C'est le personnel de sécurité de la Chambre des communes qui a blessé et ultimement abattu Michael Zehaf Bibeau, le tireur qui est passé à la course devant les agents de la Gendarmerie royale du Canada (GRC) avant d'entrer dans le parlement en octobre.

Mais la force de sécurité historique est en train de perdre son contrôle sur la sécurité des édifices de la colline du Parlement, car l'objectif du gouvernement est de la placer entre les mains de la GRC - un geste que le dirigeant du syndicat dit prendre personnellement, tout comme ses membres.

«Il y a eu une reconnaissance par le président de la Chambre des communes: nous avons été reconnus en Chambre», a dit Roch Lapensée jeudi, après avoir témoigné devant un comité parlementaire qui se penche justement sur les changements proposés.

«Tout cela est bien gentil, mais au bout du compte, on se fait tasser et on se fait dire qu'à l'avenir, quelqu'un d'autre va prendre les décisions pour nous.»
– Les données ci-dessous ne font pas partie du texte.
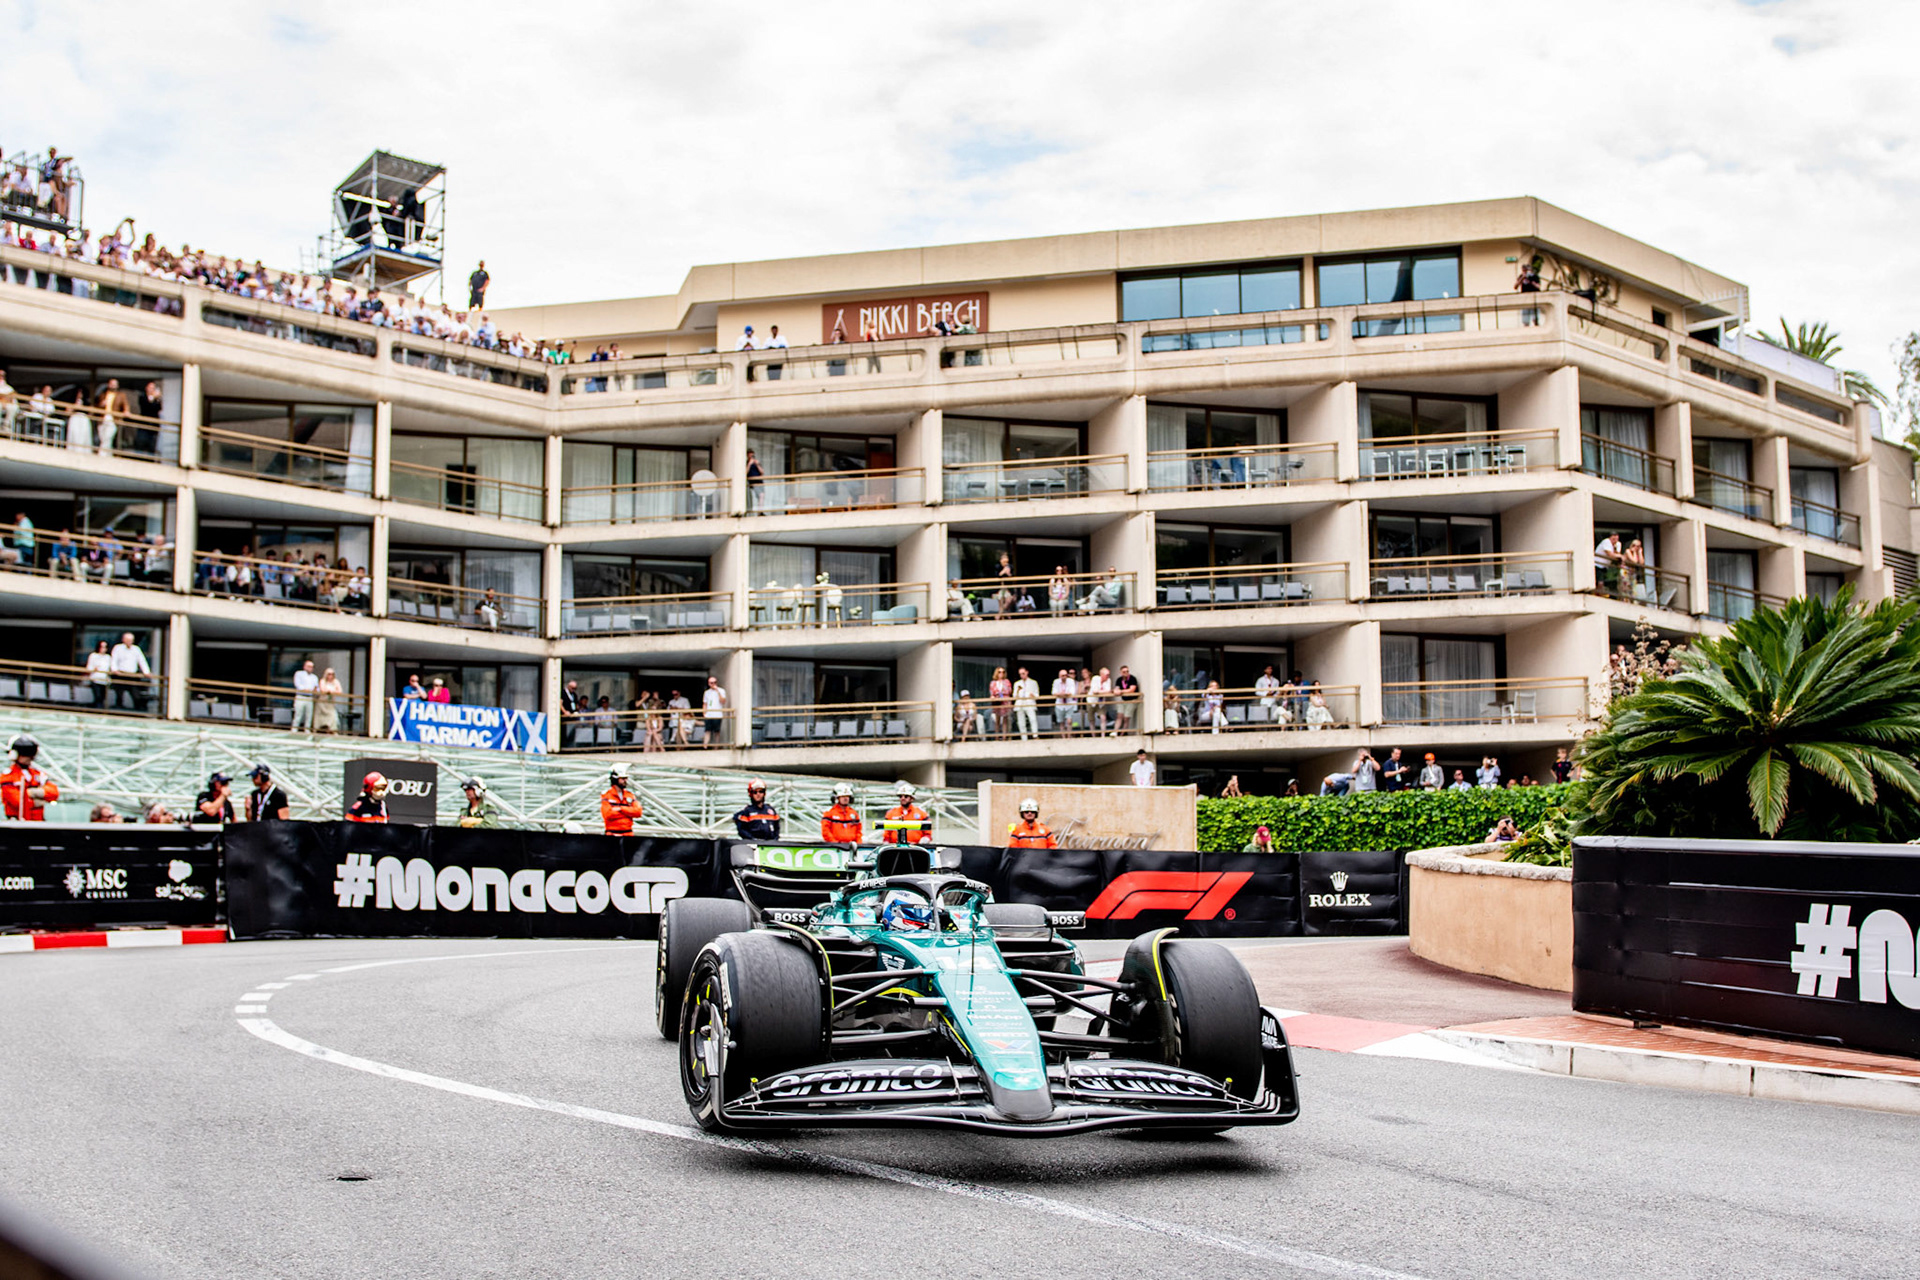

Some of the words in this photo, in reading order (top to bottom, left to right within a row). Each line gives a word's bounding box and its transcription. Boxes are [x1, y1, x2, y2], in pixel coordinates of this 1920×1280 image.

[860, 304, 909, 338] NIKKI
[409, 702, 500, 728] HAMILTON
[416, 724, 494, 748] TARMAC
[85, 869, 128, 889] MSC
[1309, 894, 1372, 907] ROLEX
[774, 912, 806, 923] BOSS
[1051, 915, 1080, 925] BOSS
[770, 1064, 943, 1097] aramco
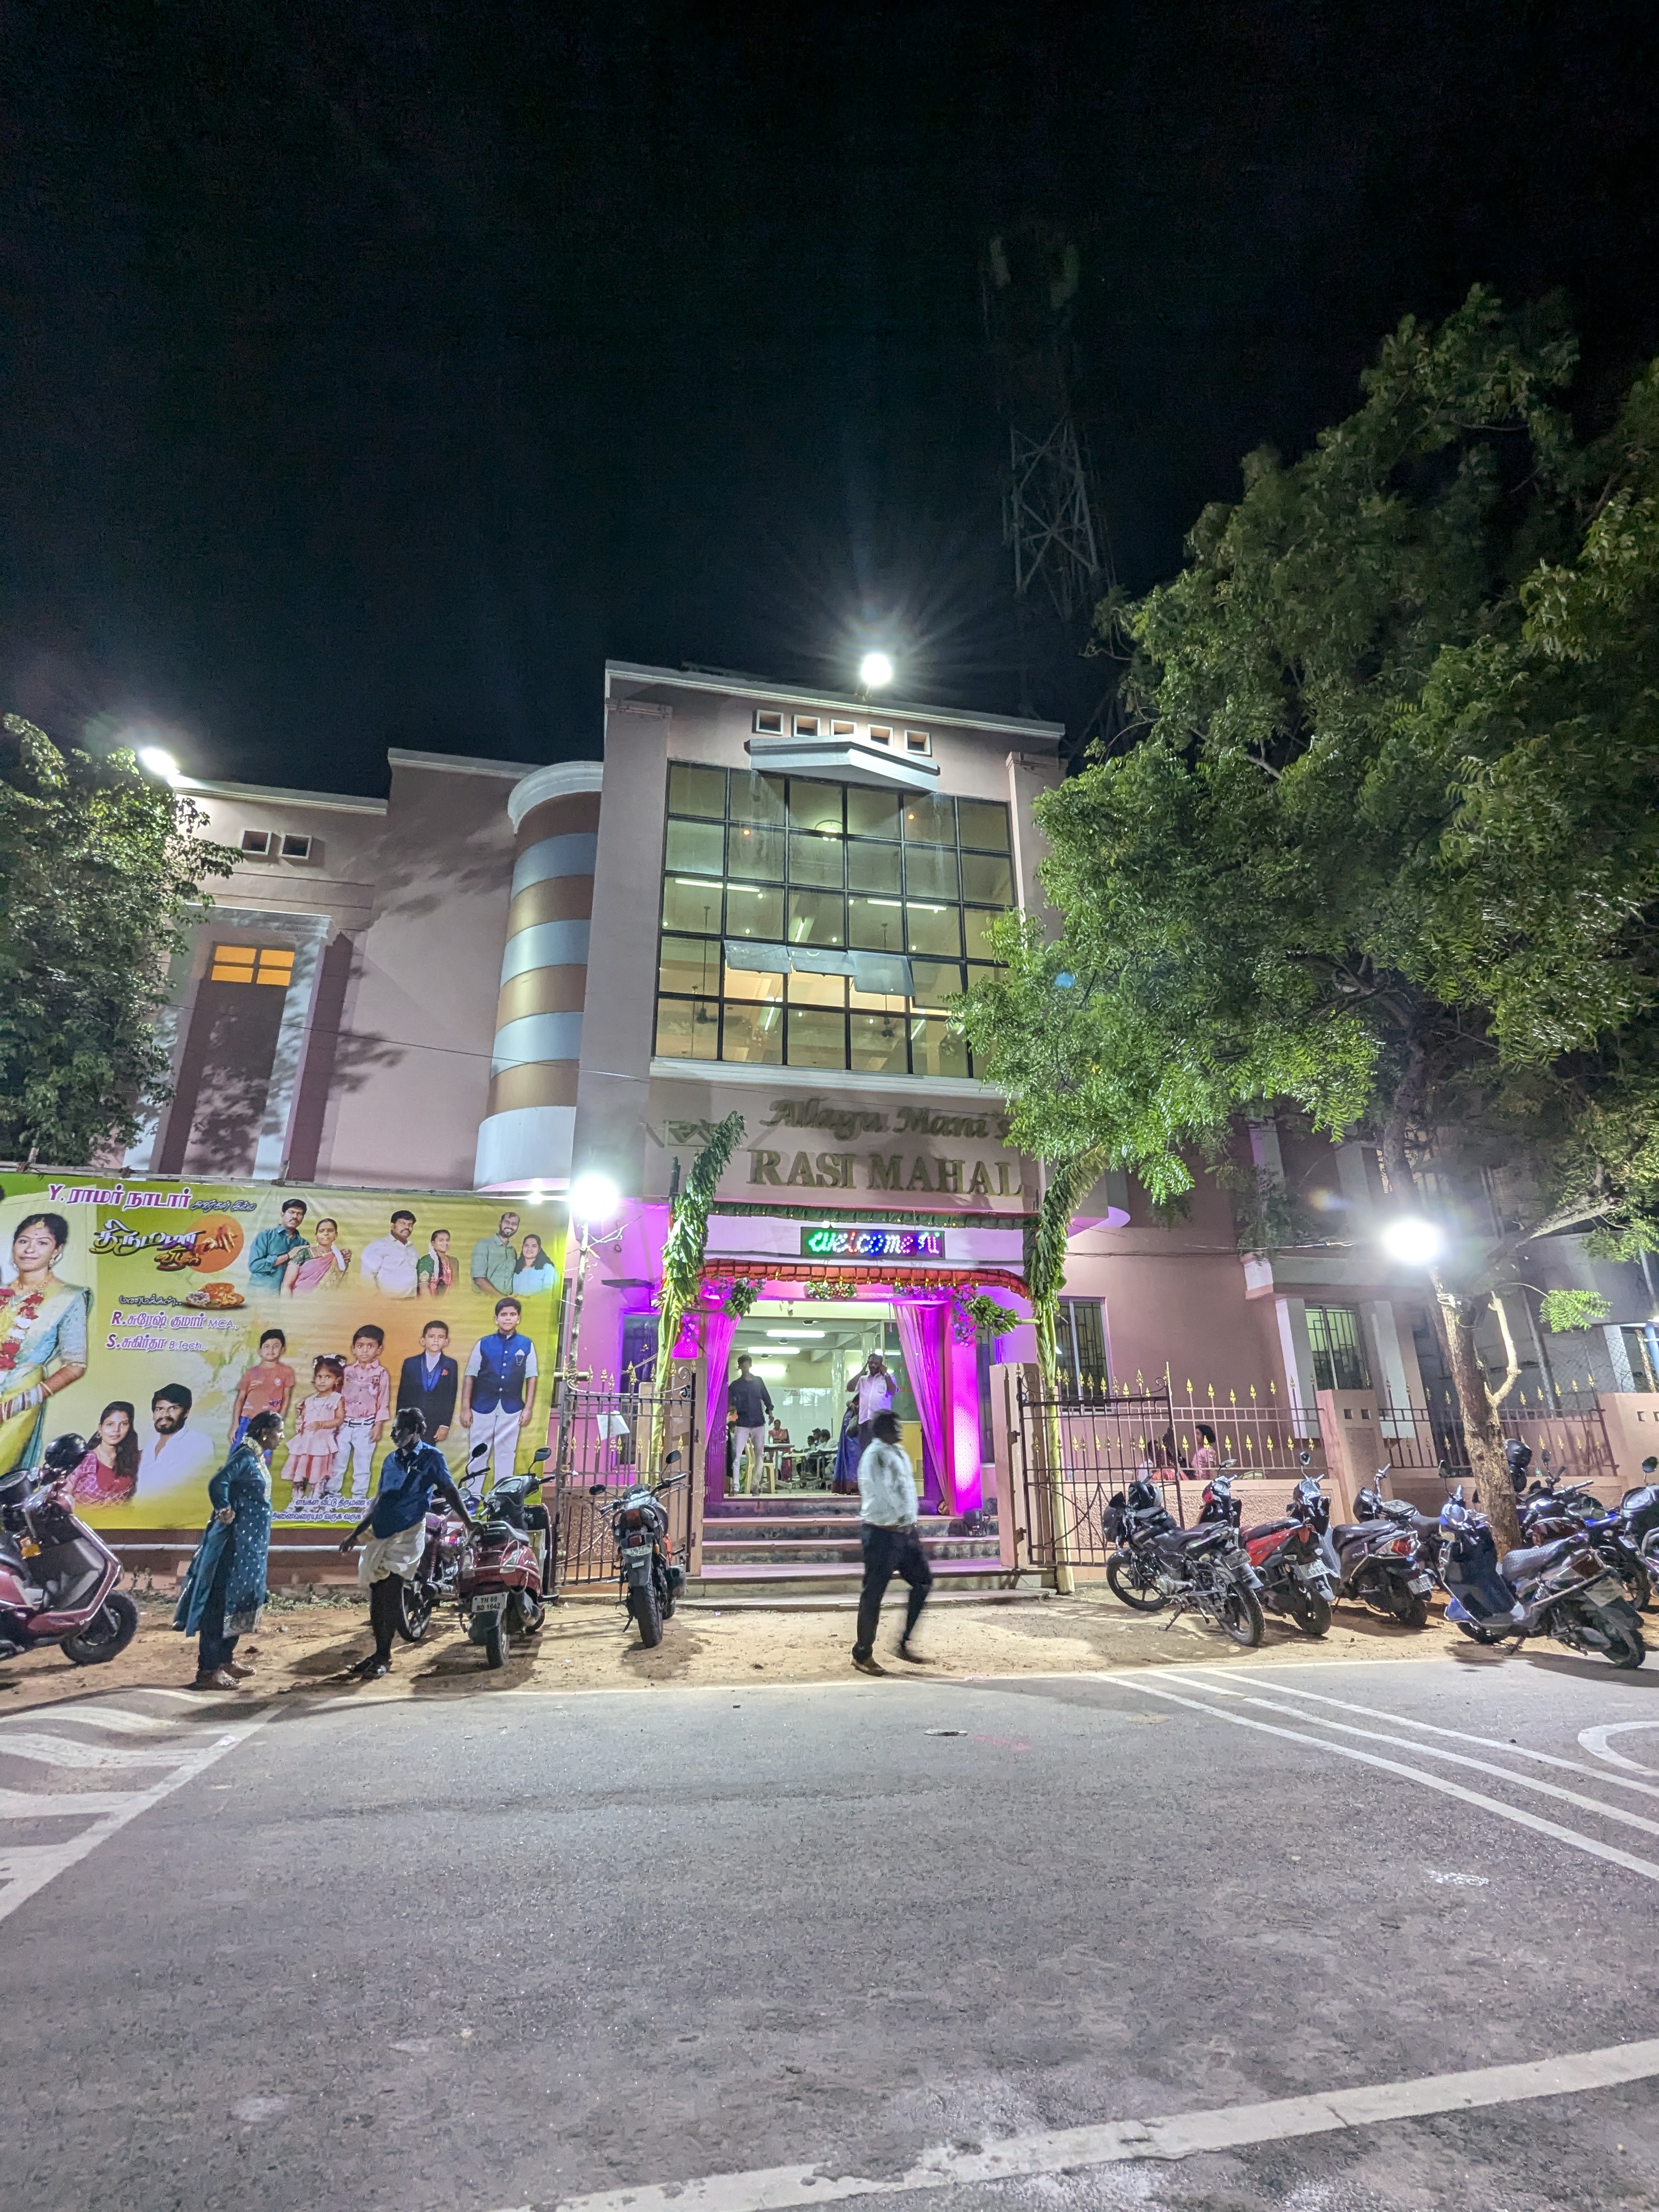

Aucun des 225 gardiens patrouillant à l'intérieur du parlement ne perdra son emploi avec l'application des nouvelles mesures, incluses dans le projet de loi de mise en oeuvre du budget soumis à la Chambre des communes.

Mais pour M. Lapensée, qui préside l'Association des employés du service de sécurité de la Chambre des communes, la question la plus importante est de savoir si les changements vont rendre le parlement plus sûr.

Bien que plusieurs études aient été menées sur la façon dont le personnel de sécurité a agi ce jour-là et sur les améliorations à apporter, aucune d'entre elles n'a été rendue publique.

M. Lapensée croit que le fait d'exiger qu'un agent principal de la GRC se rapporte aux présidents du Sénat et des Communes - et potentiellement à la GRC - risque de créer de la confusion si un incident survient.

En février, le gouvernement a annoncé qu'il mettrait fin à près de 100 ans d'existence de la force de sécurité à l'intérieur du parlement, faisant valoir que le fait d'avoir des forces distinctes n'était pas une approche efficace.

Mais en octobre, c'est le sergent d'armes Kevin Vickers qui s'est vu attribuer le mérite d'avoir tué par balle Michael Zehaf Bibeau, qui venait d'abattre le caporal Nathan Cirillo devant le Monument commémoratif de guerre avant de se rendre au parlement. La fusillade s'est terminée devant la Bibliothèque du Parlement.

M. Vickers a refusé de commenter le nouveau plan de sécurité proposé, choisissant plutôt de féliciter ses collègues pour leur travail - incluant un qui a reçu les balles du tireur et un autre qui s'est servi de son corps pour protéger des députés.

«C'était un effort collectif, un travail d'équipe de la part d'une équipe de sécurité remarquable», a-t-il déclaré.